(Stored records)
━━━━━━━━━━━━━━━━━━━━
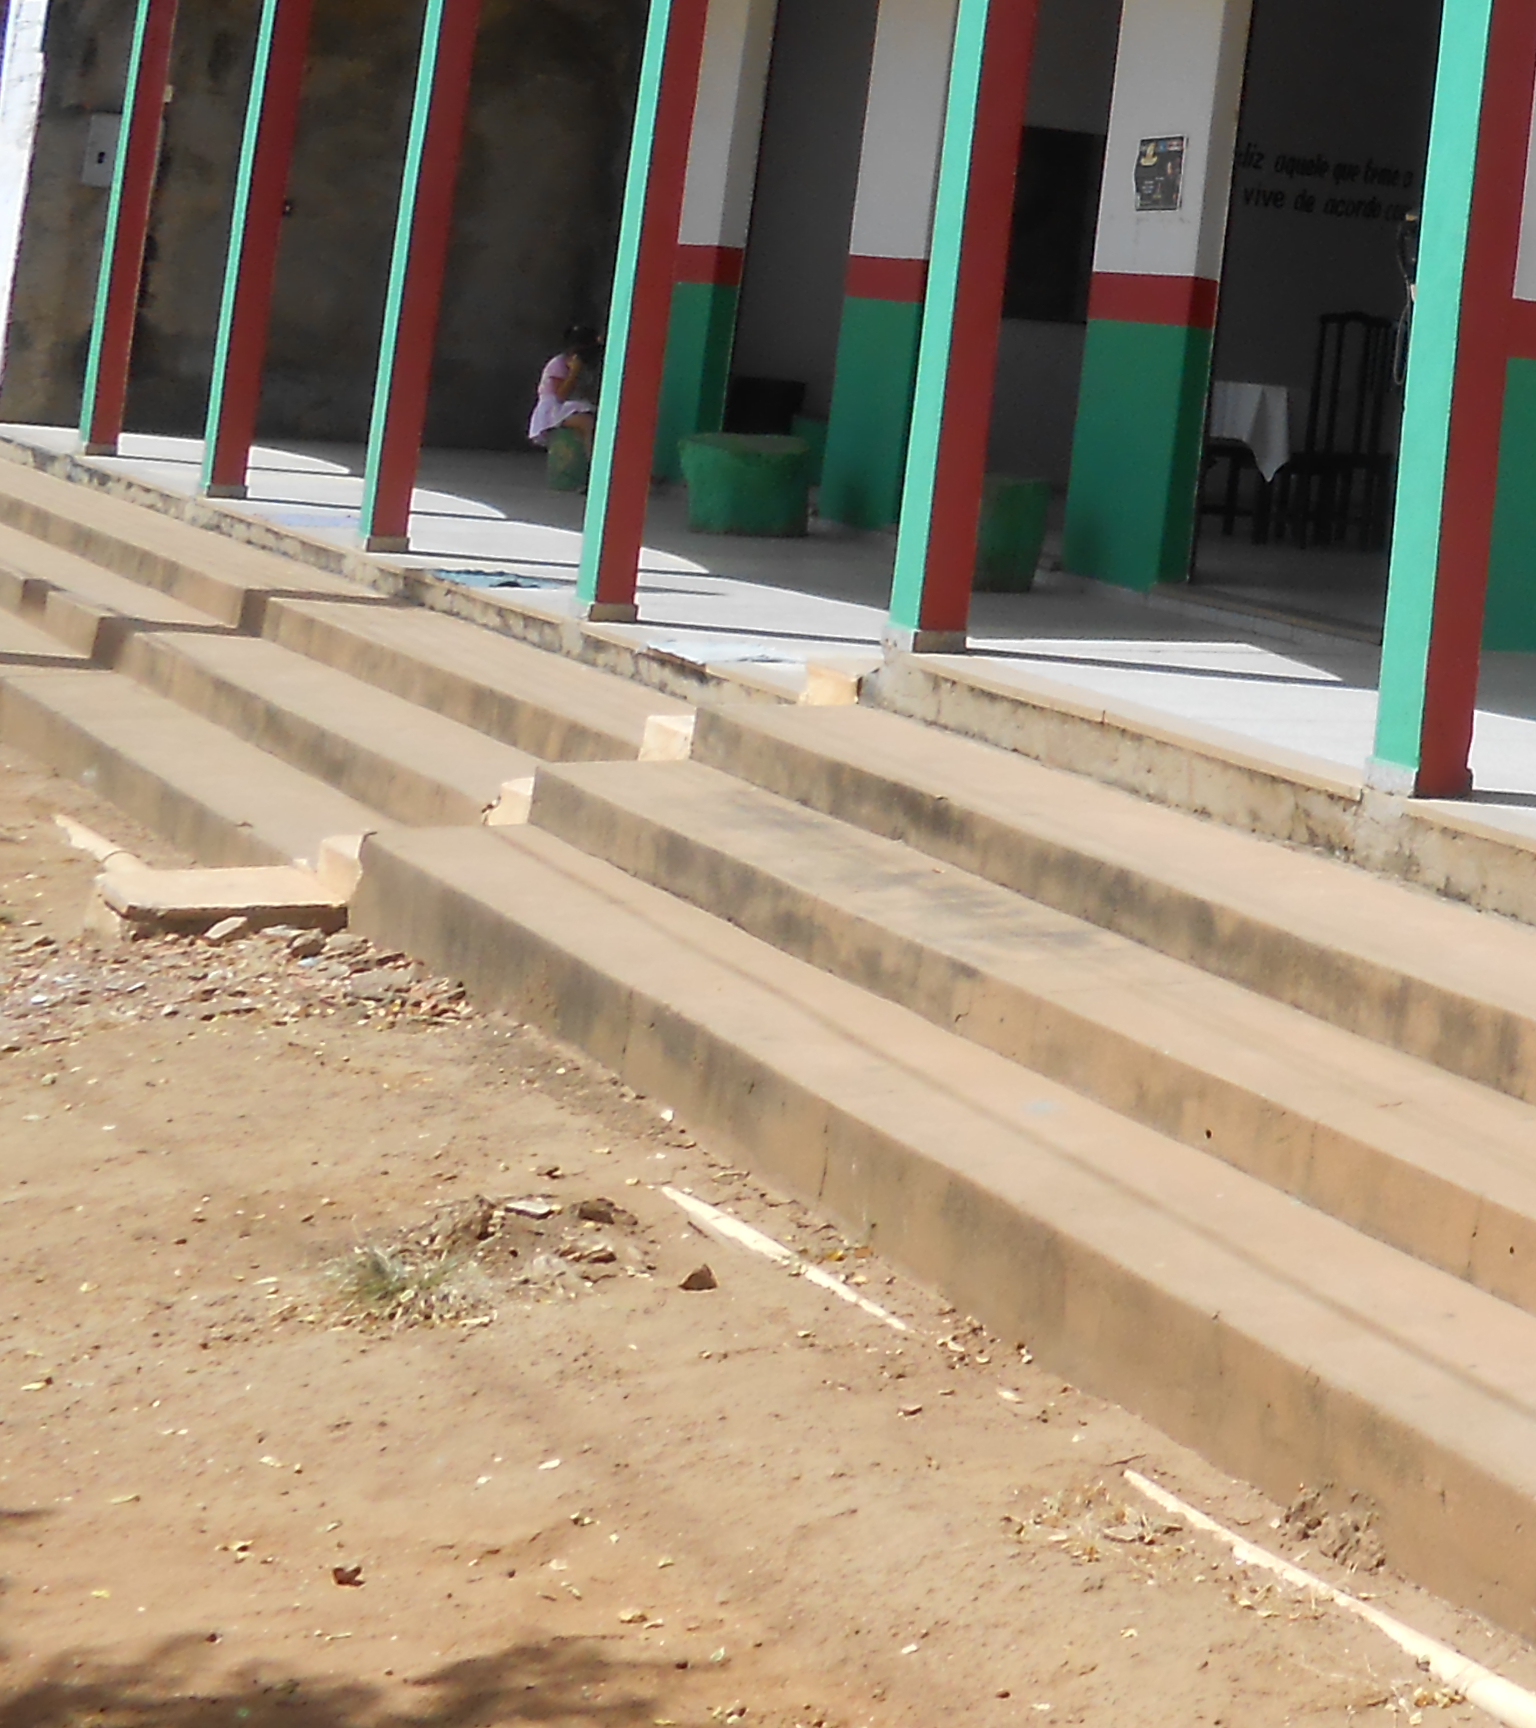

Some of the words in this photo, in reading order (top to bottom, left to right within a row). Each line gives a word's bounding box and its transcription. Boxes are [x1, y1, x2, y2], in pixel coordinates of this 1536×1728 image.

[1235, 142, 1264, 170] eliz
[1244, 186, 1285, 209] vive
[1293, 188, 1316, 213] de
[1322, 196, 1382, 219] acordo
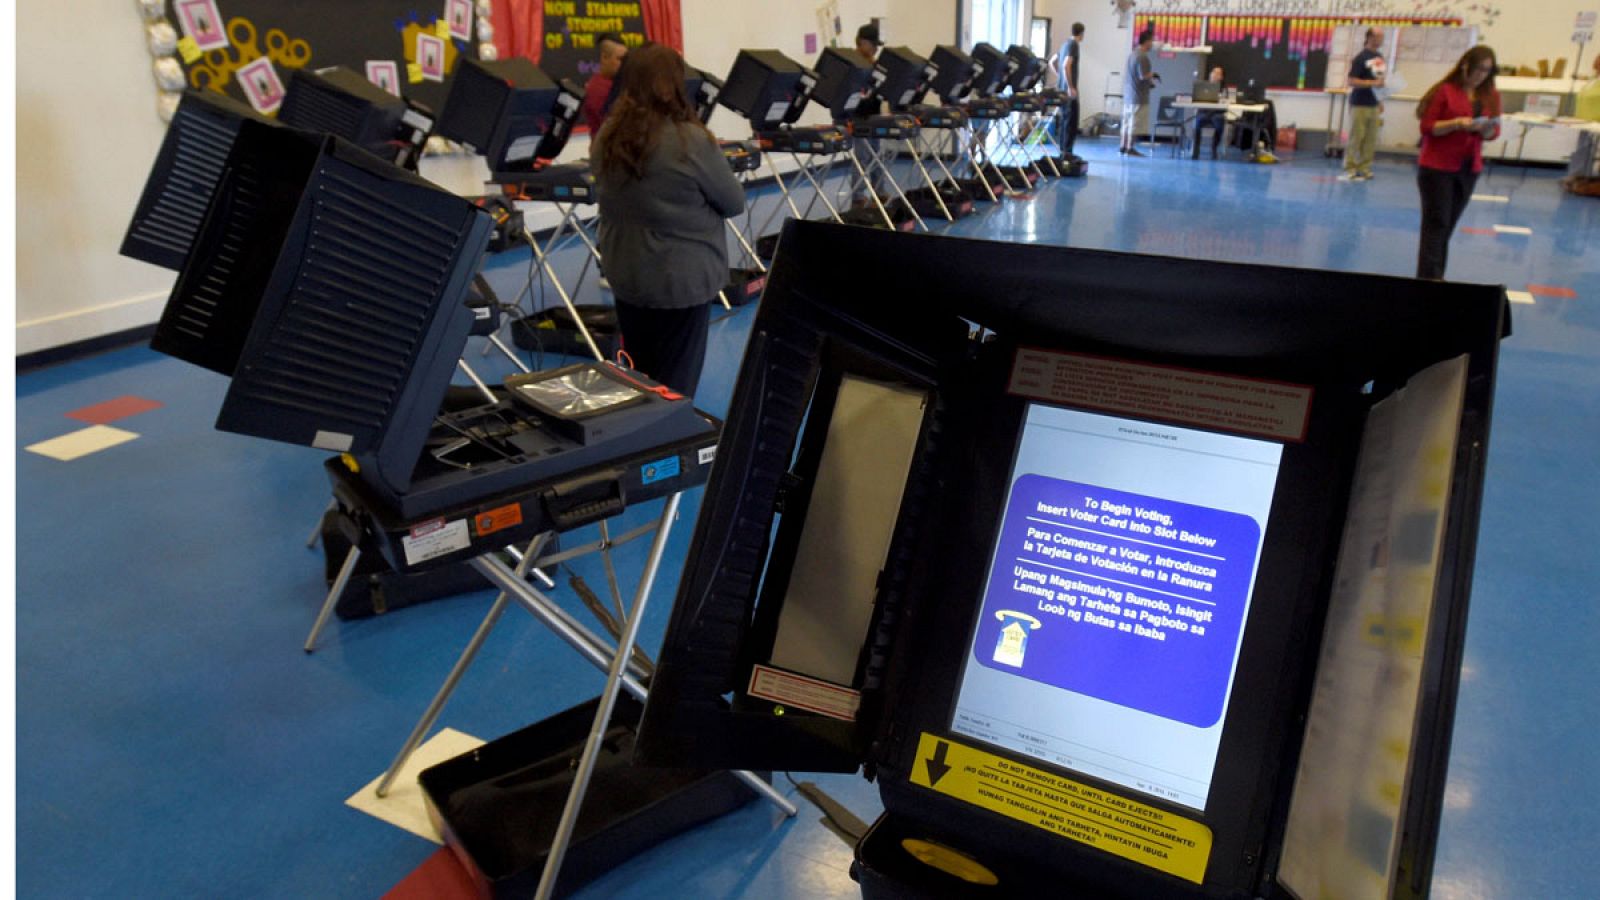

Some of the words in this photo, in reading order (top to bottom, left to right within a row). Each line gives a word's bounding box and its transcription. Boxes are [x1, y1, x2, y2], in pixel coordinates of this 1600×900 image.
━━━━━━━━━━━━━━━━━━━━
**DESCRIPTION OF THE TASK**
What the reply must contain is an exact transcription of the data above and none of its pictures.

**YOUR RESPONSE**
Some of the words in this photo, in reading order (top to bottom, left to right within a row). Each line gives a word's bounding box and its transcription. Boxes are [x1, y1, x2, y2], in pixel coordinates of this 1536×1728 image.

[1235, 142, 1264, 170] eliz
[1244, 186, 1285, 209] vive
[1293, 188, 1316, 213] de
[1322, 196, 1382, 219] acordo

Some of the words in this photo, in reading order (top to bottom, left to right within a row). Each line gives a word's bounding box and its transcription. Boxes are [x1, y1, x2, y2], in pixel coordinates of this 1600×900 image.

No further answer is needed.